Good day everyone! In my INAUGURAL (haha) post, I will give a high-level understanding of creating timetables and dimensions to use in your data models and stories.
Understanding Time Dimension
Time dimension refers to the aspect of data, allowing businesses to analyze and interpret information within a specific timeframe. In the context of data analytics, the time dimension is critical for conducting trend analysis, forecasting, seasonality detection, and anomaly detection. SAP Datasphere & SAP Analytics Cloud recognize the importance of time as a fundamental dimension and offers robust features to enhance the analysis and visualization of time-based , as well
as standardization and reusability.
Granularity and Hierarchy
SAP Datasphere & SAP Analytics Cloud provide the flexibility to define time granularity according to your business needs. Whether you require daily, monthly, or yearly granularity, the platform empowers you to configure and align your data at the desired level of detail. Additionally, SAP Datasphere & SAP Analytics Cloud allows you to establish hierarchical relationships within the time dimension, enabling drill-down analysis from higher-level aggregates to finer-grained data.
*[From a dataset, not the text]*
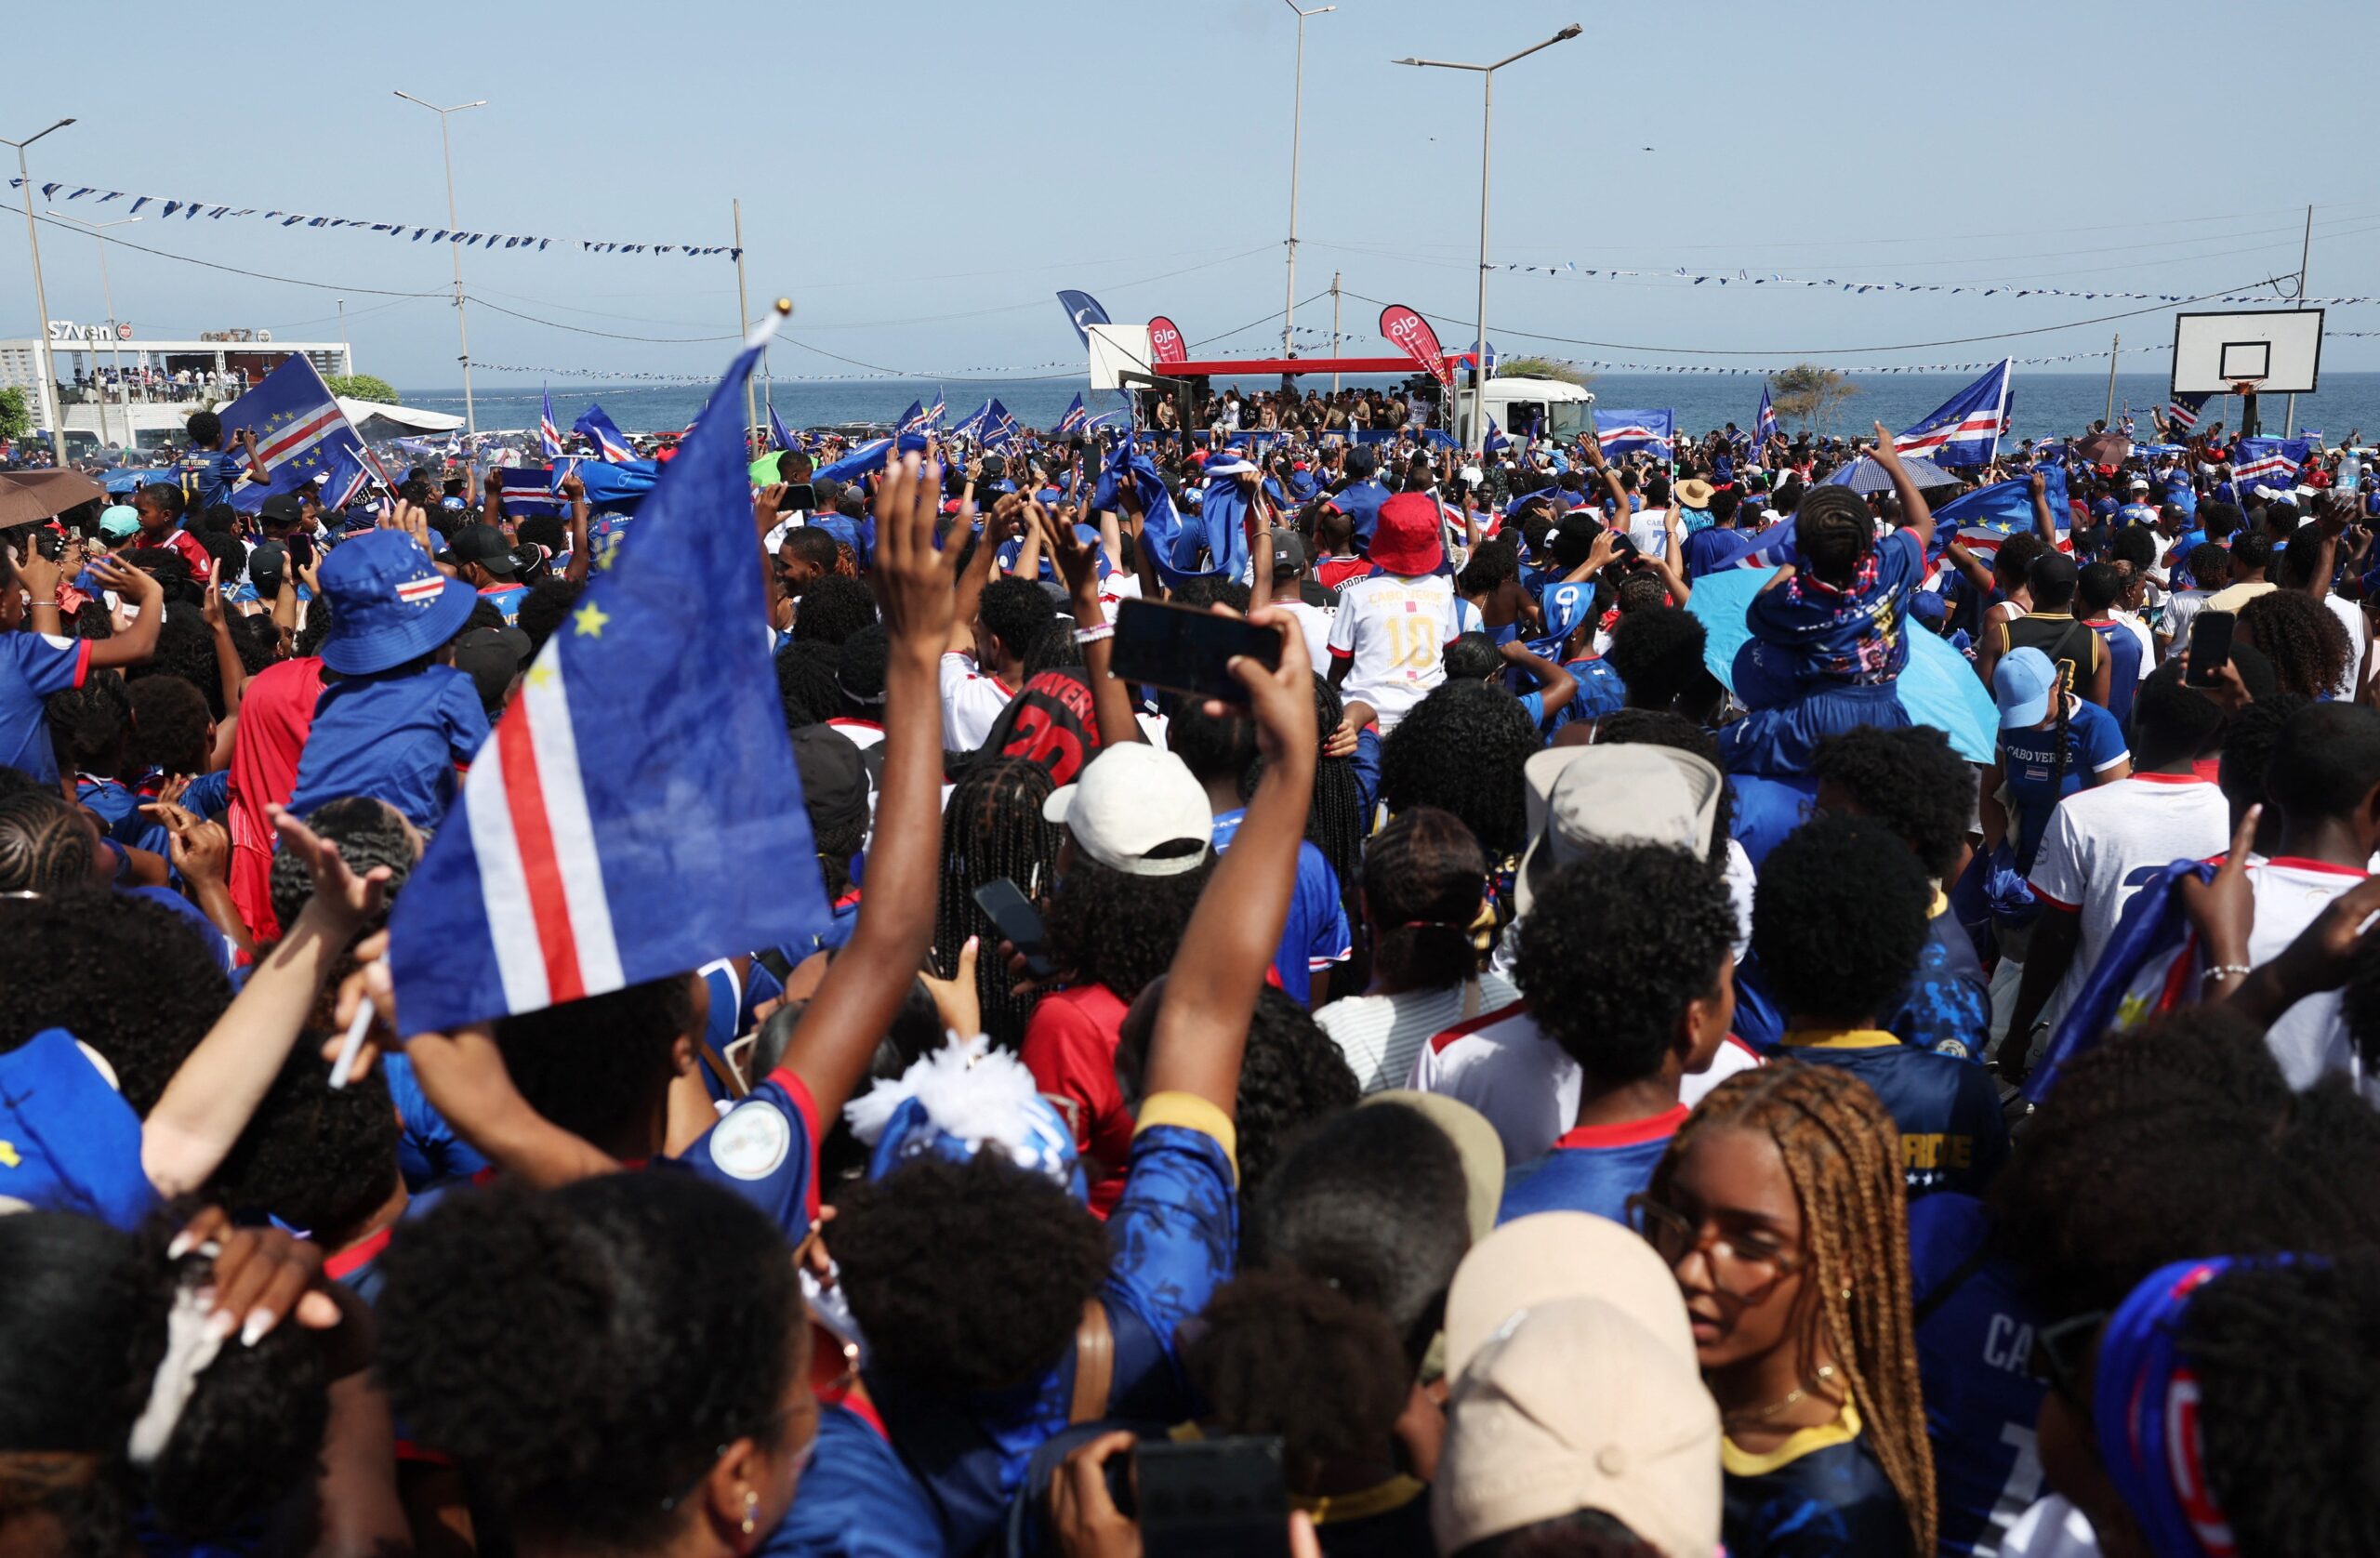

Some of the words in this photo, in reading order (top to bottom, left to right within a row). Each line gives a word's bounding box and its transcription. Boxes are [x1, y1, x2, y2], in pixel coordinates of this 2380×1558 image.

Time-Based Filtering and Slicing
SAP Datasphere's time dimension functionality includes powerful filtering and slicing capabilities that facilitate focused analysis within specific time periods. With just a few clicks, you can extract data for a specific day, week, month, or any custom time range, enabling you to isolate and investigate time-based patterns, performance fluctuations, and variances.
Visualizing Time-Related Insights
Data visualization plays a vital role in understanding time-based data patterns effectively. SAP Datasphere & SAP Analytics Cloud offer visualization options specifically designed to showcase time-related insights. From interactive charts and graphs to maps and timelines, the platform provides intuitive and visual representations of time-based data, allowing users to grasp trends, correlations and outliers.
Why Create and Use Auto-Generated Time Dimension In SAP Datasphere
In general, the following are reasons for which we recommend using time-dimensions:
Automatically generated with a few clicks so no overhead to create/export
Create once in a space and re-use the same for multiple models
Hierarchy and translation come pre-configured
Even though it is local to only one space, creating them in any space/tenant will result in the same format – so
standardization is the key.
How To Create Time Tables & Dimensions
Navigate to Space Management (1)
Within the Time Data section, click (2)
Once prompted, you’ll have the ability to (as seen below):
establish the From & To Year range that aligns with your business needs
update the business name of the Time Table, related time dimensions and translation table objects
Once you’ve successfully configured the Time Data Object, the time tables & dimensions are deployed immediately and can be found within the Data Builder app, as seen below.
Once a time dimension object is mapped and added as an association to, for example, a graphical view, you’ll be able to control the granularity of time within a graphical story in SAP Analytics Cloud, as depicted below (in this example, level 2 is Year; level 3 is Year, Month; level 4 is Year, Month, Day).
In the realm of data analytics, time is a critical dimension that drives decision-making and reveals valuable insights. SAP Datasphere & SAP Analytics Cloud’s time dimension functionality allows Customers & Partners to harness the power of time by providing granular control, advanced analysis techniques, real-time data integration, and intuitive visualizations. By leveraging these capabilities, our Customers & Partners can unlock new possibilities and stay ahead of the competition in a rapidly evolving landscape. Embrace the potential of SAP Datasphere's time dimension functionality and embark on a data analytics journey today.